### [Problem requirements]
Where an entry contains a picture, omit the picture and repeat the rest exactly.

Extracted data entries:

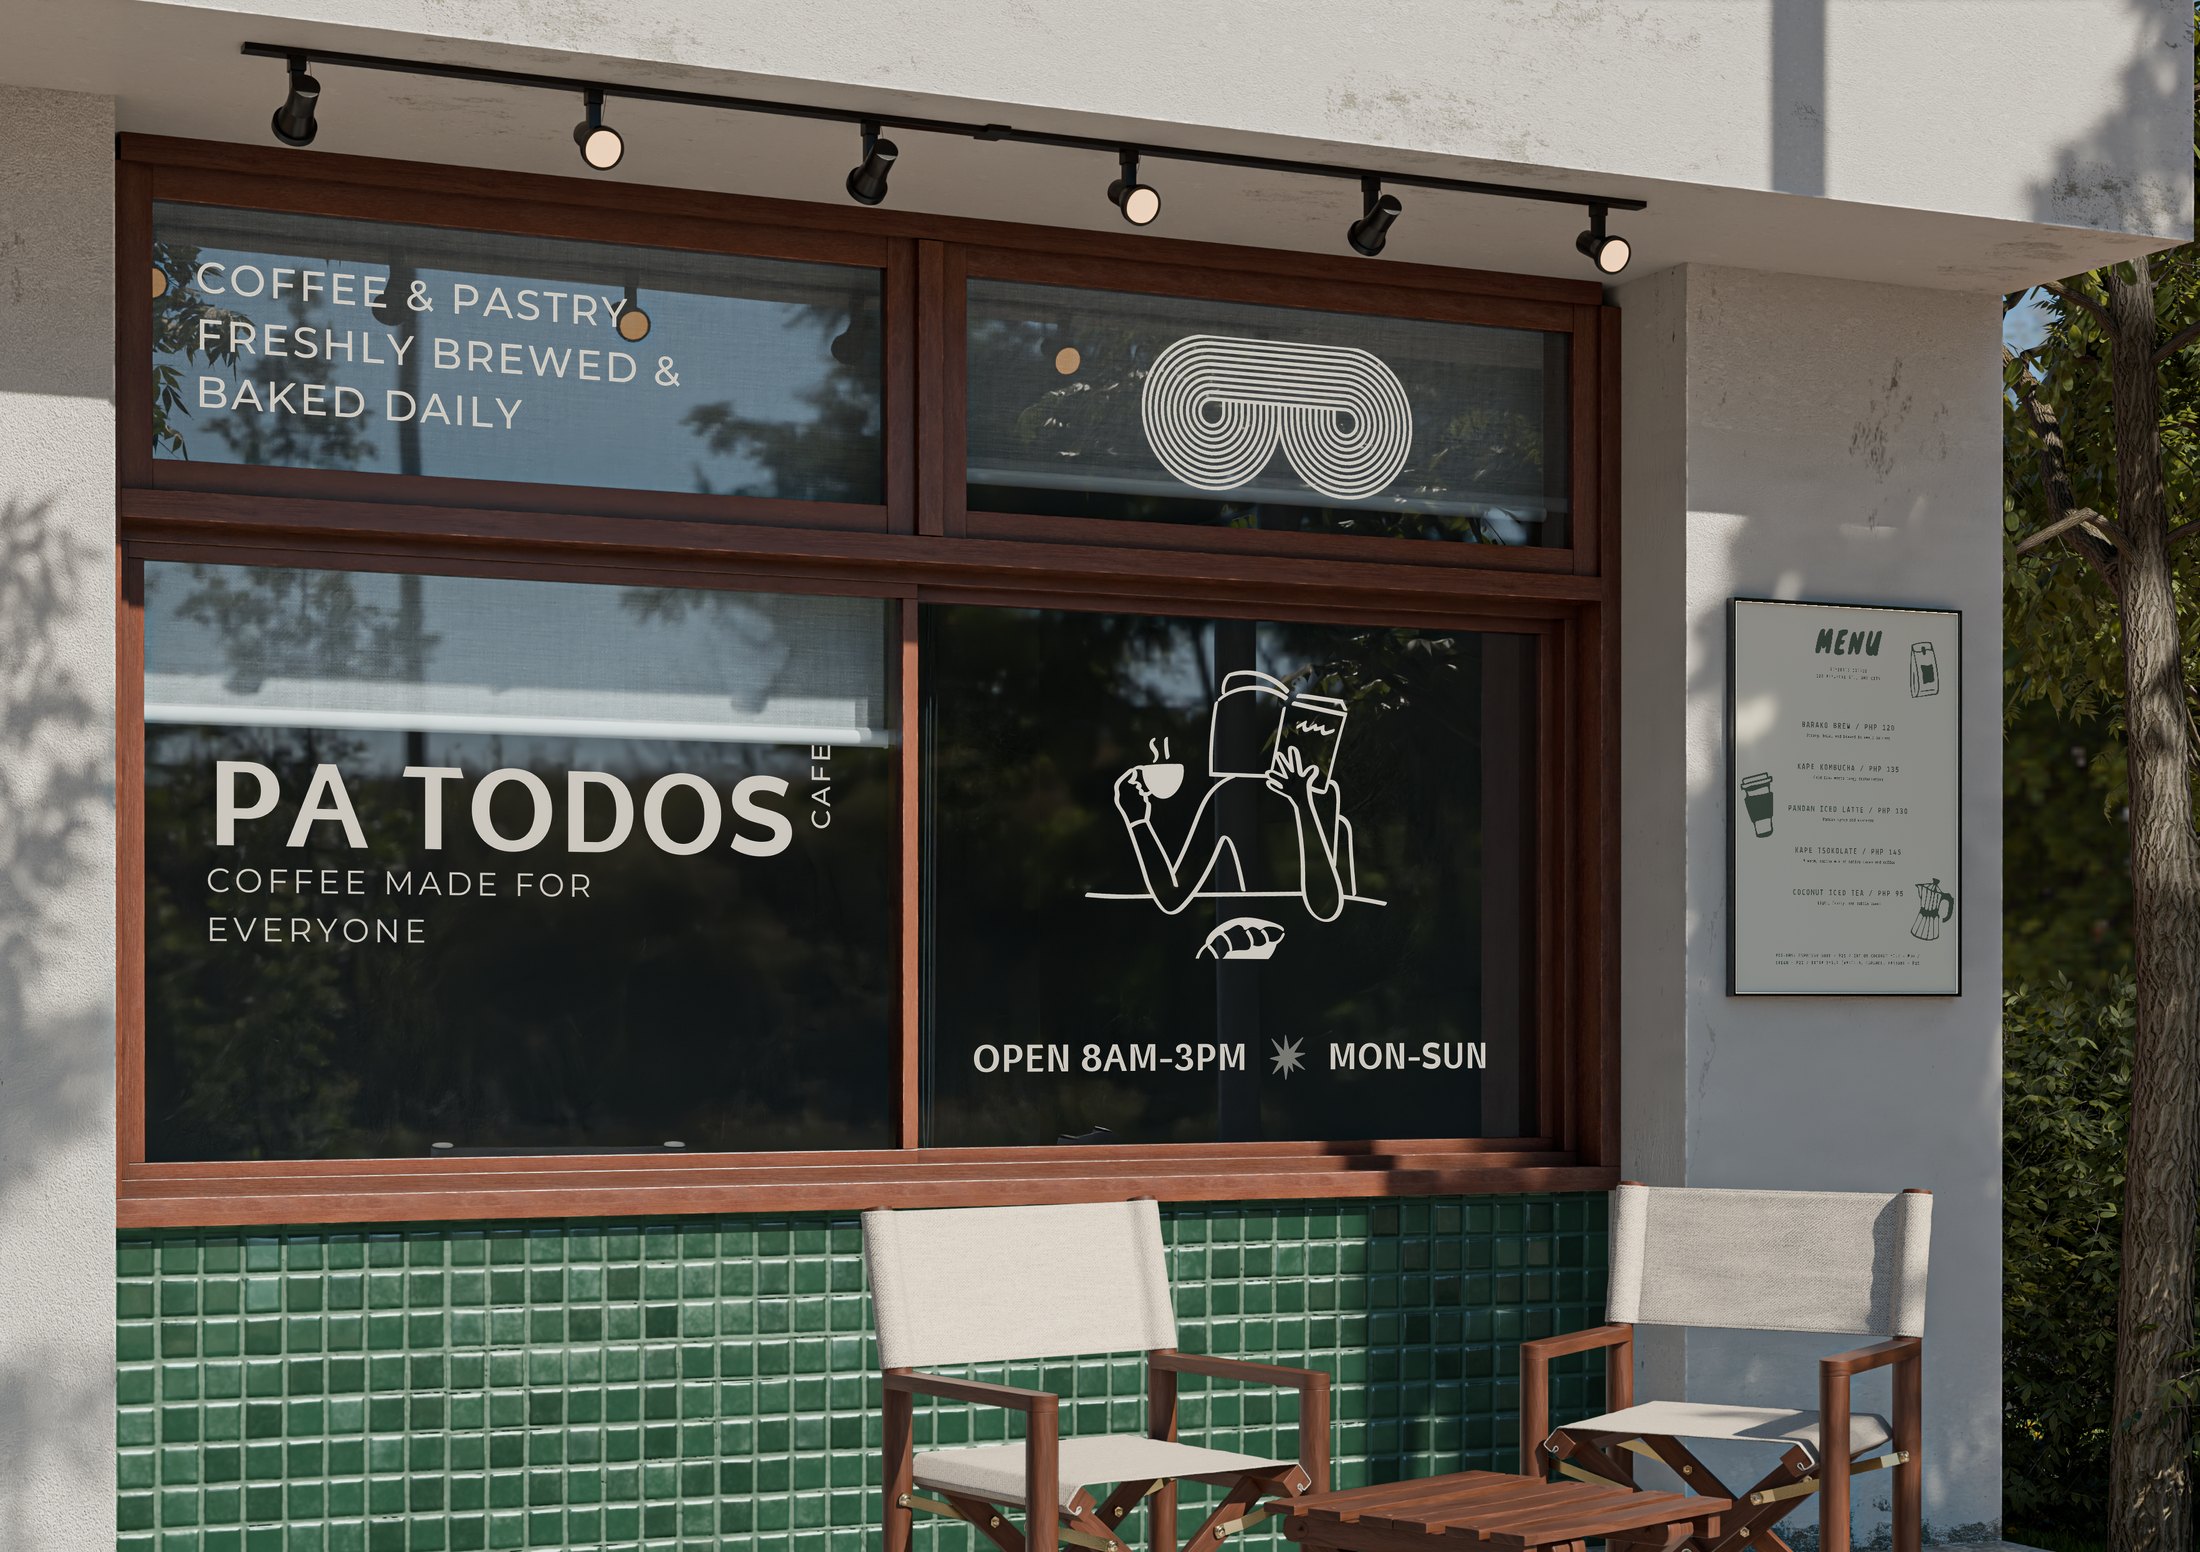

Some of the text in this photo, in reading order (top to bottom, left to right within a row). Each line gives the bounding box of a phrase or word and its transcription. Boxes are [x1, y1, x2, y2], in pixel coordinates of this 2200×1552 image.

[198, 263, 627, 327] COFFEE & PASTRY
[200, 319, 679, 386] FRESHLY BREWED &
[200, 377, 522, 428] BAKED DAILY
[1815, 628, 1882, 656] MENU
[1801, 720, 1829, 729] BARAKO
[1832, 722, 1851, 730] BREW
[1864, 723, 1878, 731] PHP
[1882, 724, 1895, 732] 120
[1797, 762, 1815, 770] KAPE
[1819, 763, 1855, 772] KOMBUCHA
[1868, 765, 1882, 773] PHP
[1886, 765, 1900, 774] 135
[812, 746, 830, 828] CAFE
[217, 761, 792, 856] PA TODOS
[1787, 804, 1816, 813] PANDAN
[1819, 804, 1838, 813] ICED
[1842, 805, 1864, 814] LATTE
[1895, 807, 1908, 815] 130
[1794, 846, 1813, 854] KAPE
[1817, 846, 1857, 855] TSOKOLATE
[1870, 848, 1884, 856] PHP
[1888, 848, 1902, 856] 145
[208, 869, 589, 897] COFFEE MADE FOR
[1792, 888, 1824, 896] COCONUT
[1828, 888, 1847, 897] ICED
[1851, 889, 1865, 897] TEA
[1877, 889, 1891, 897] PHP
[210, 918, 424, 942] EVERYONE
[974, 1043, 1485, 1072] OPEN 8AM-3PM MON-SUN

### [Answer section]
Some of the text in this photo, in reading order (top to bottom, left to right within a row). Each line gives the bounding box of a phrase or word and its transcription. Boxes are [x1, y1, x2, y2], in pixel coordinates of this 2200×1552 image.

[198, 263, 627, 327] COFFEE & PASTRY
[200, 319, 679, 386] FRESHLY BREWED &
[200, 377, 522, 428] BAKED DAILY
[1815, 628, 1882, 656] MENU
[1801, 720, 1829, 729] BARAKO
[1832, 722, 1851, 730] BREW
[1864, 723, 1878, 731] PHP
[1882, 724, 1895, 732] 120
[1797, 762, 1815, 770] KAPE
[1819, 763, 1855, 772] KOMBUCHA
[1868, 765, 1882, 773] PHP
[1886, 765, 1900, 774] 135
[812, 746, 830, 828] CAFE
[217, 761, 792, 856] PA TODOS
[1787, 804, 1816, 813] PANDAN
[1819, 804, 1838, 813] ICED
[1842, 805, 1864, 814] LATTE
[1895, 807, 1908, 815] 130
[1794, 846, 1813, 854] KAPE
[1817, 846, 1857, 855] TSOKOLATE
[1870, 848, 1884, 856] PHP
[1888, 848, 1902, 856] 145
[208, 869, 589, 897] COFFEE MADE FOR
[1792, 888, 1824, 896] COCONUT
[1828, 888, 1847, 897] ICED
[1851, 889, 1865, 897] TEA
[1877, 889, 1891, 897] PHP
[210, 918, 424, 942] EVERYONE
[974, 1043, 1485, 1072] OPEN 8AM-3PM MON-SUN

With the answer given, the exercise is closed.